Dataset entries
----------
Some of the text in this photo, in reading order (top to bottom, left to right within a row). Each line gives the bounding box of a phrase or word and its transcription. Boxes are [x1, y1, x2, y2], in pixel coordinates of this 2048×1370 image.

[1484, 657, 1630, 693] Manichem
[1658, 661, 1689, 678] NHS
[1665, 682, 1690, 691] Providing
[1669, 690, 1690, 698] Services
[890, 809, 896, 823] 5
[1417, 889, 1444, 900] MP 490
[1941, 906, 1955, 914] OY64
----------
Exercise brief »
Exact reproduction of every entry is needed.

Response »
Some of the text in this photo, in reading order (top to bottom, left to right within a row). Each line gives the bounding box of a phrase or word and its transcription. Boxes are [x1, y1, x2, y2], in pixel coordinates of this 2048×1370 image.

[1484, 657, 1630, 693] Manichem
[1658, 661, 1689, 678] NHS
[1665, 682, 1690, 691] Providing
[1669, 690, 1690, 698] Services
[890, 809, 896, 823] 5
[1417, 889, 1444, 900] MP 490
[1941, 906, 1955, 914] OY64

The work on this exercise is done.